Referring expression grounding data
== Segment start ==

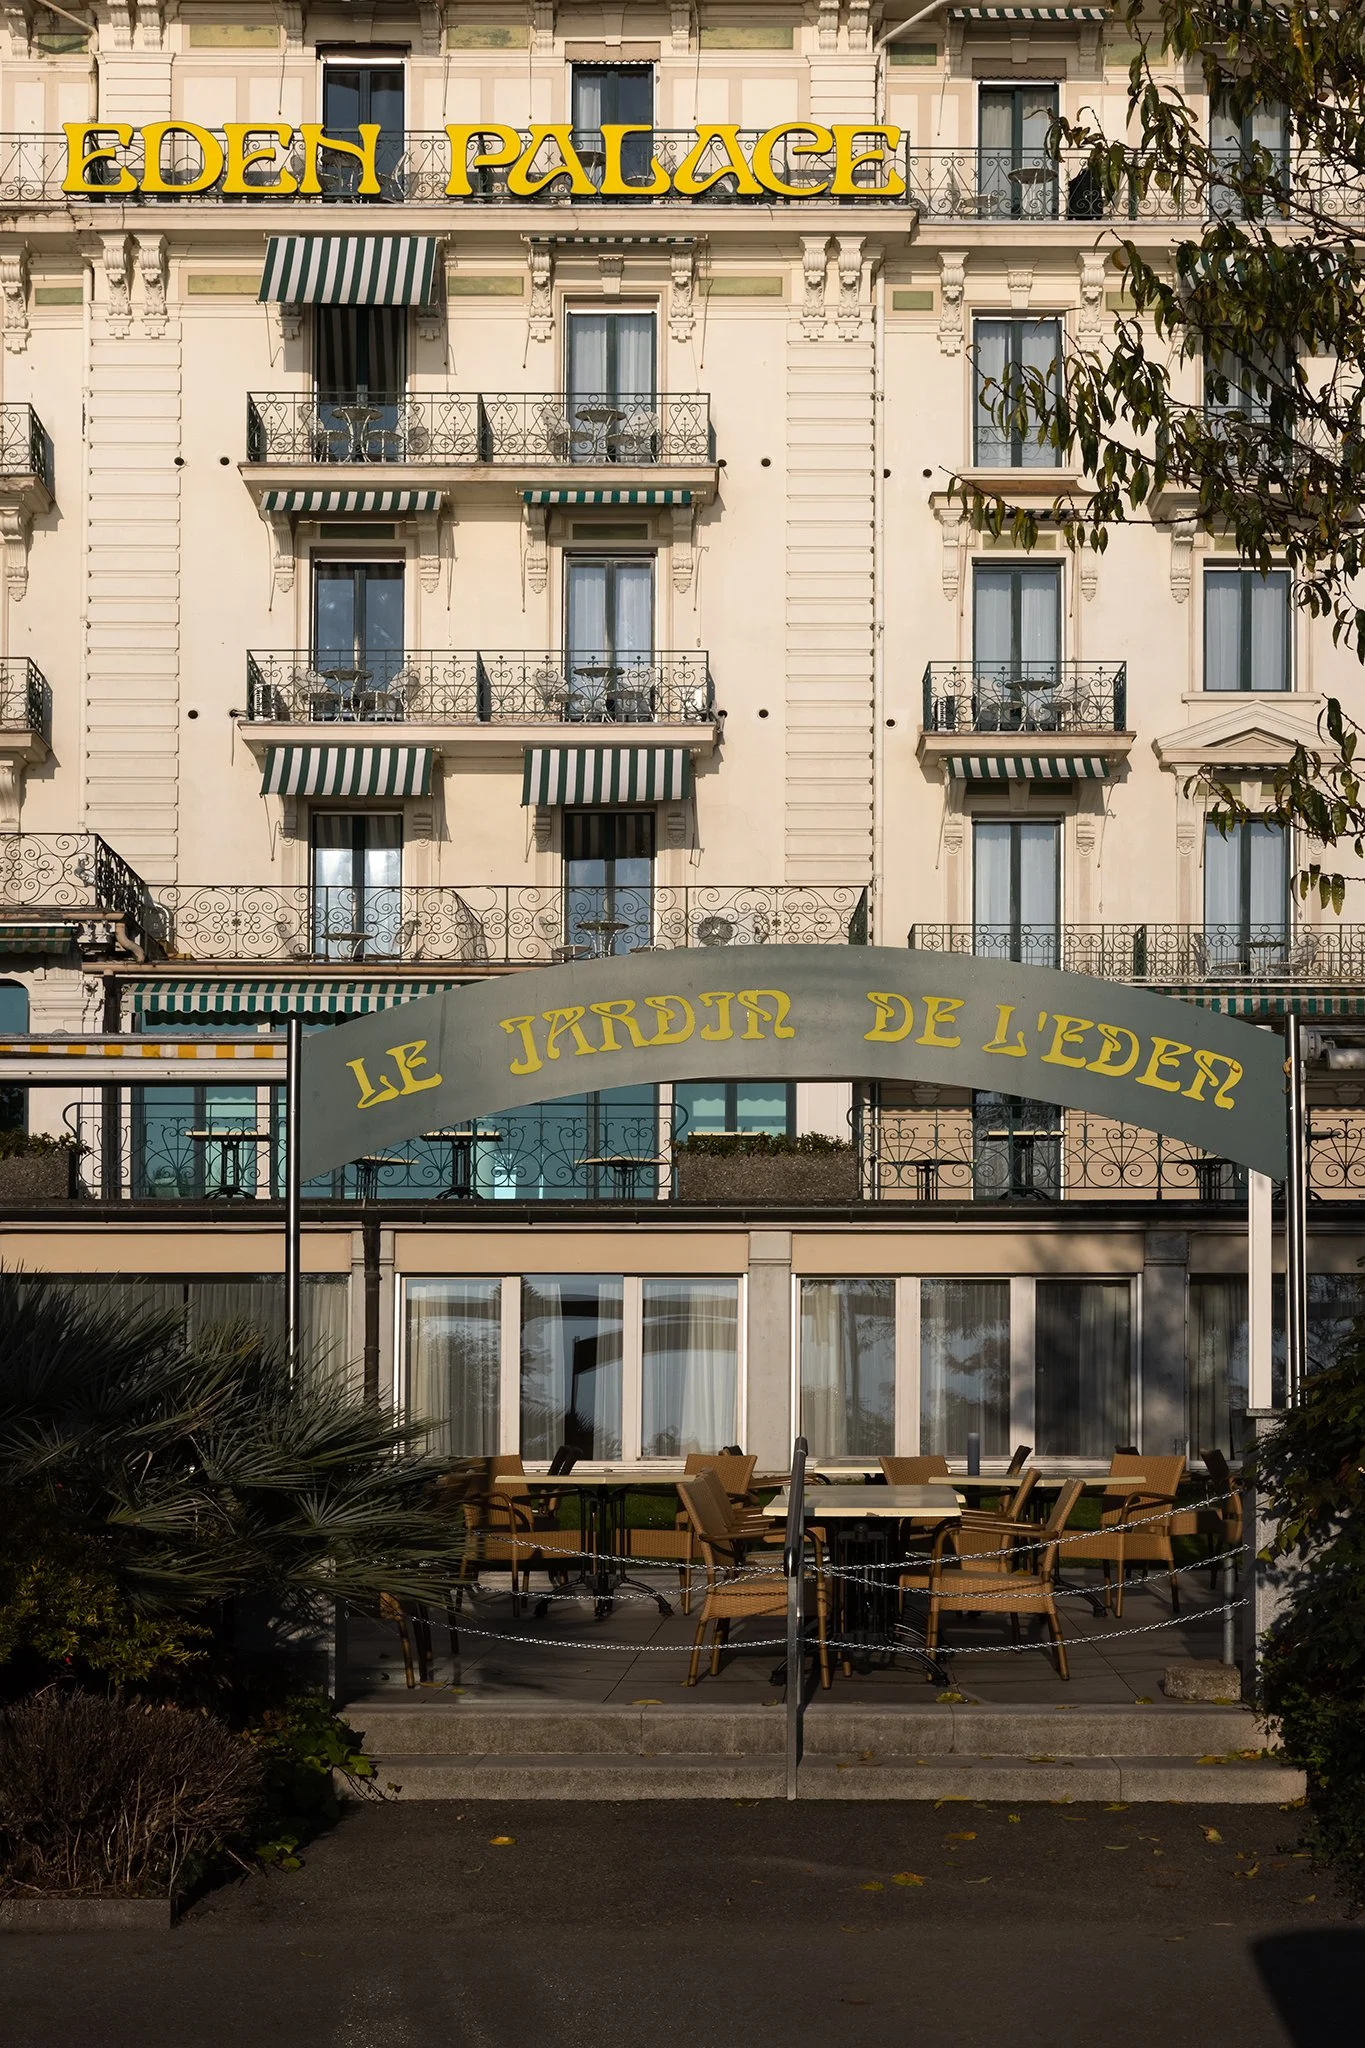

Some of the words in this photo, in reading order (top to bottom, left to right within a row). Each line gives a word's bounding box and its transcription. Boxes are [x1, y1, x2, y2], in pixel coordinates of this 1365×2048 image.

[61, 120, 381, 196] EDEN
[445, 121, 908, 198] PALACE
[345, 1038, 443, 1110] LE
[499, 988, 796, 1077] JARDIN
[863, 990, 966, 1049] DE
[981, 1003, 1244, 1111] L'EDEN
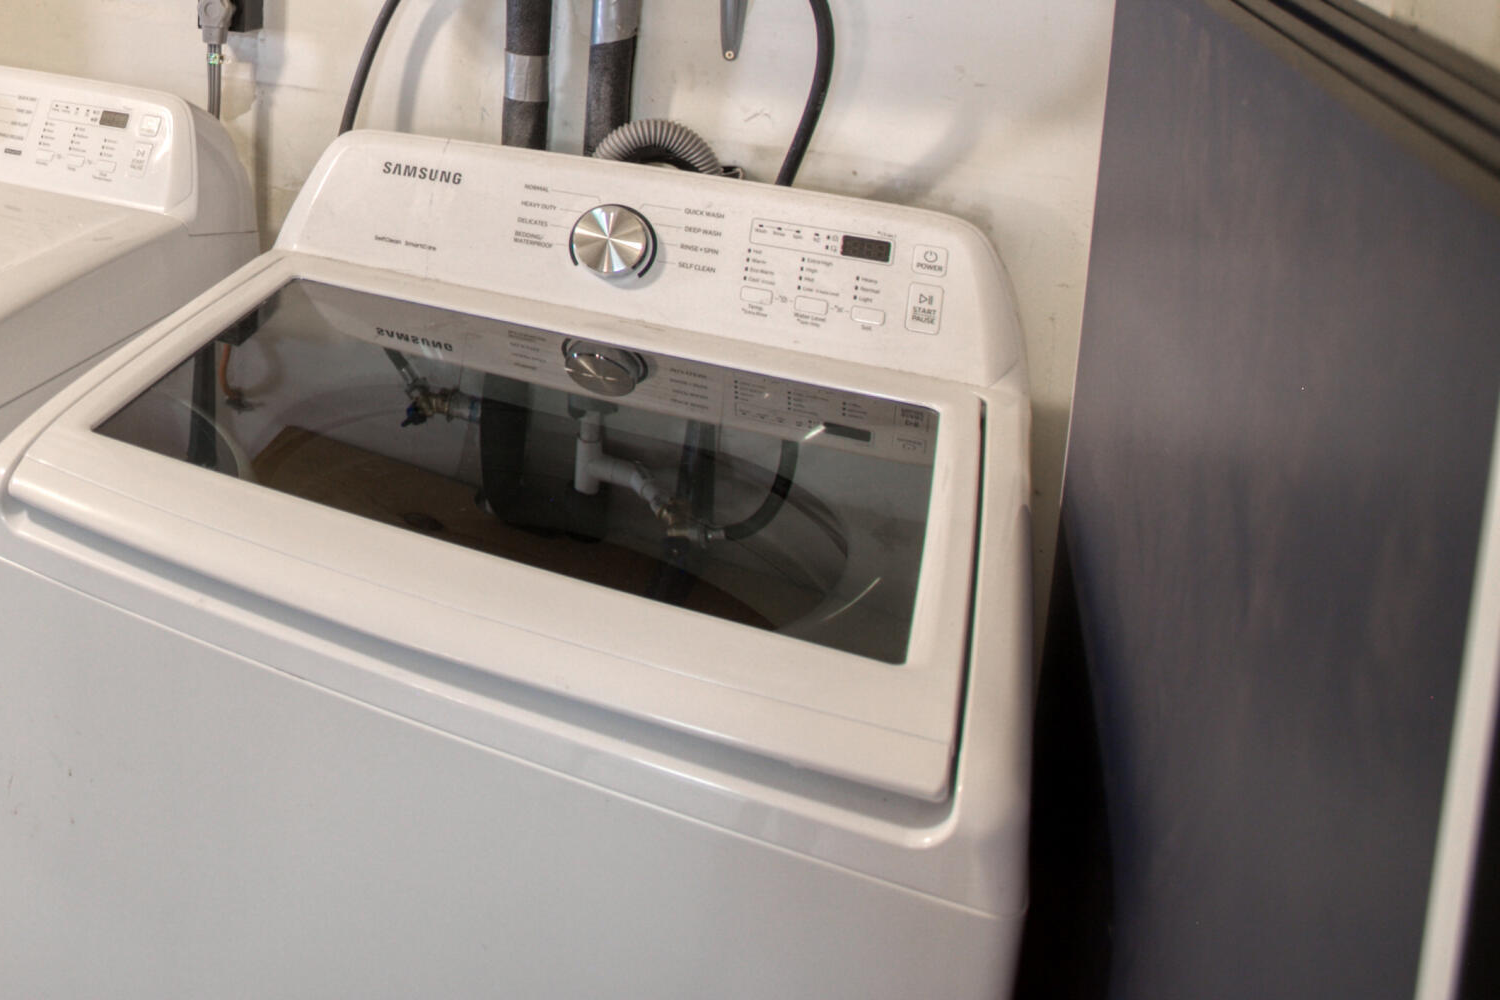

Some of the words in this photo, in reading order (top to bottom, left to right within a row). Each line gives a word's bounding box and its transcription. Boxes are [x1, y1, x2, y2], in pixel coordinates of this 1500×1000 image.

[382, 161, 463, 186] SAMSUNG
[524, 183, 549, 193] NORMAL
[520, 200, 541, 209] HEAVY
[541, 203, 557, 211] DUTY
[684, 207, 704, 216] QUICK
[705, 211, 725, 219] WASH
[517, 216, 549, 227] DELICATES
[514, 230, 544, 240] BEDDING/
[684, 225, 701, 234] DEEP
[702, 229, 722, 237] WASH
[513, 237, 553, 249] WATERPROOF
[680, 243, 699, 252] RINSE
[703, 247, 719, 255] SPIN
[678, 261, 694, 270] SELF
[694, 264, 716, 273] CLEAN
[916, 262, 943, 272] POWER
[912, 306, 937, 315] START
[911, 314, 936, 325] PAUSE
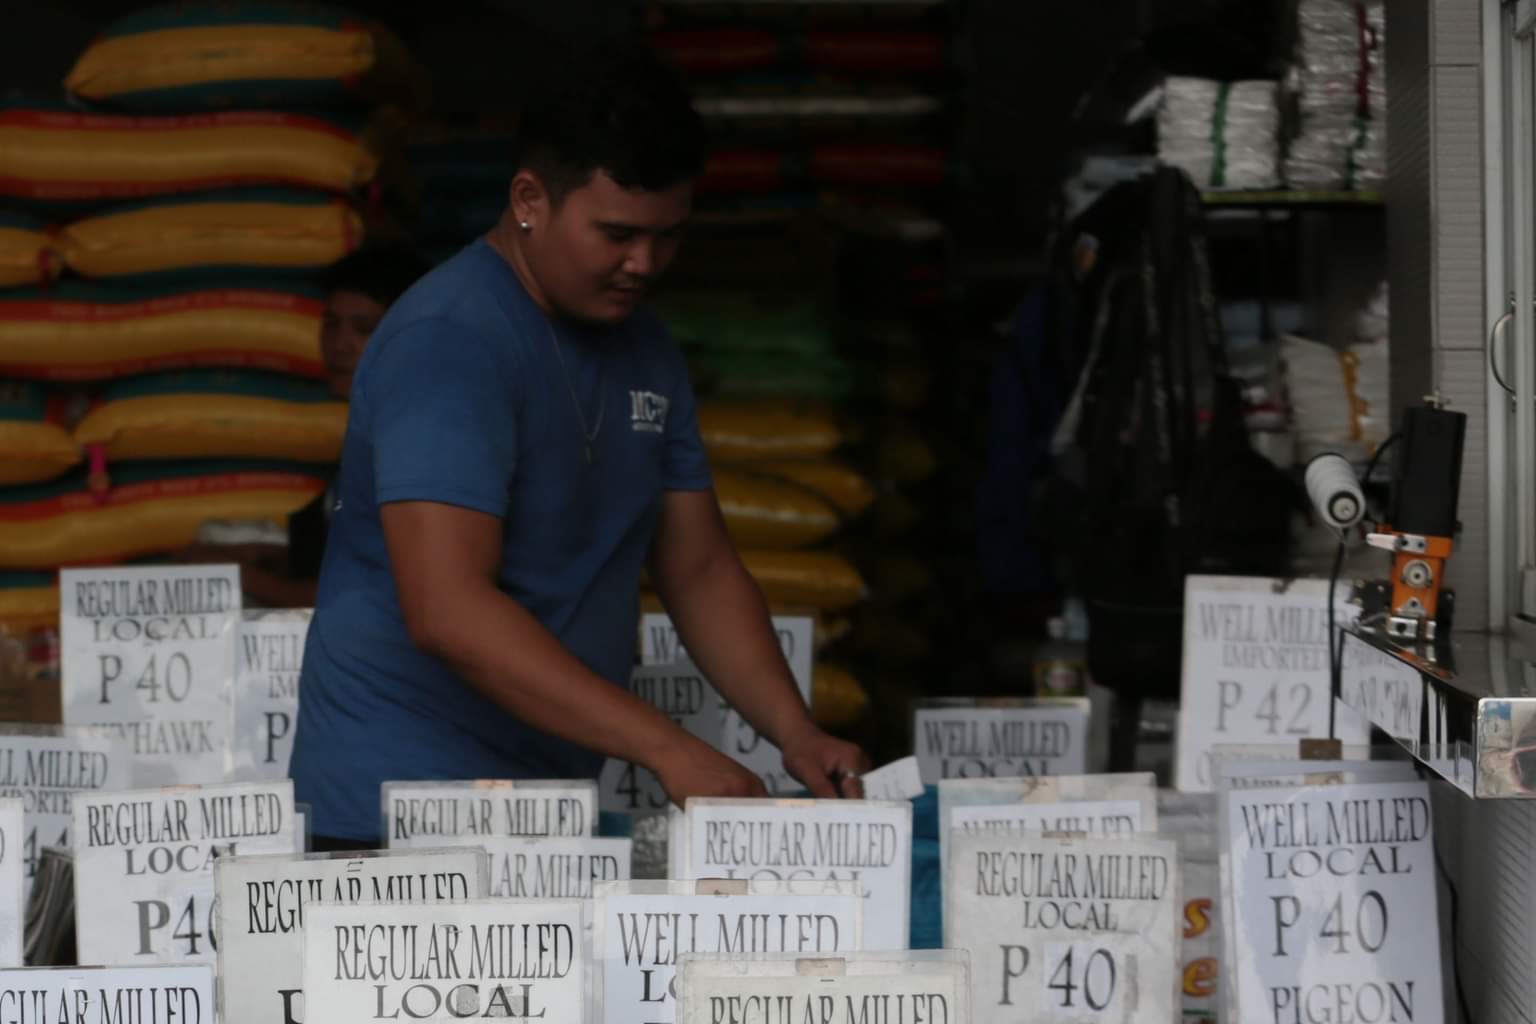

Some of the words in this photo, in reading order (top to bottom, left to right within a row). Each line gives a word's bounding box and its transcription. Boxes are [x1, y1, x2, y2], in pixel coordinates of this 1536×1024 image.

== Segment end ==

Activity. Only the entries themselves should be output, word for word, with all pictures omitted.

Response for this exercise.
Some of the words in this photo, in reading order (top to bottom, left to right within a row). Each line gives a word's bounding box and its transcription. Boxes are [x1, y1, x2, y2], in pixel coordinates of this 1365×2048 image.

[61, 120, 381, 196] EDEN
[445, 121, 908, 198] PALACE
[345, 1038, 443, 1110] LE
[499, 988, 796, 1077] JARDIN
[863, 990, 966, 1049] DE
[981, 1003, 1244, 1111] L'EDEN

Some of the words in this photo, in reading order (top to bottom, left to right within a row). Each line gives a word's bounding box and its transcription. Boxes are [x1, y1, x2, y2], in pixel coordinates of this 1500×1000 image.

[382, 161, 463, 186] SAMSUNG
[524, 183, 549, 193] NORMAL
[520, 200, 541, 209] HEAVY
[541, 203, 557, 211] DUTY
[684, 207, 704, 216] QUICK
[705, 211, 725, 219] WASH
[517, 216, 549, 227] DELICATES
[514, 230, 544, 240] BEDDING/
[684, 225, 701, 234] DEEP
[702, 229, 722, 237] WASH
[513, 237, 553, 249] WATERPROOF
[680, 243, 699, 252] RINSE
[703, 247, 719, 255] SPIN
[678, 261, 694, 270] SELF
[694, 264, 716, 273] CLEAN
[916, 262, 943, 272] POWER
[912, 306, 937, 315] START
[911, 314, 936, 325] PAUSE

Some of the words in this photo, in reading order (top to bottom, left to right within a row). Each line gives a word's bounding box and its transcription. Boxes are [x1, y1, x2, y2], in pixel coordinates of this 1536×1024 image.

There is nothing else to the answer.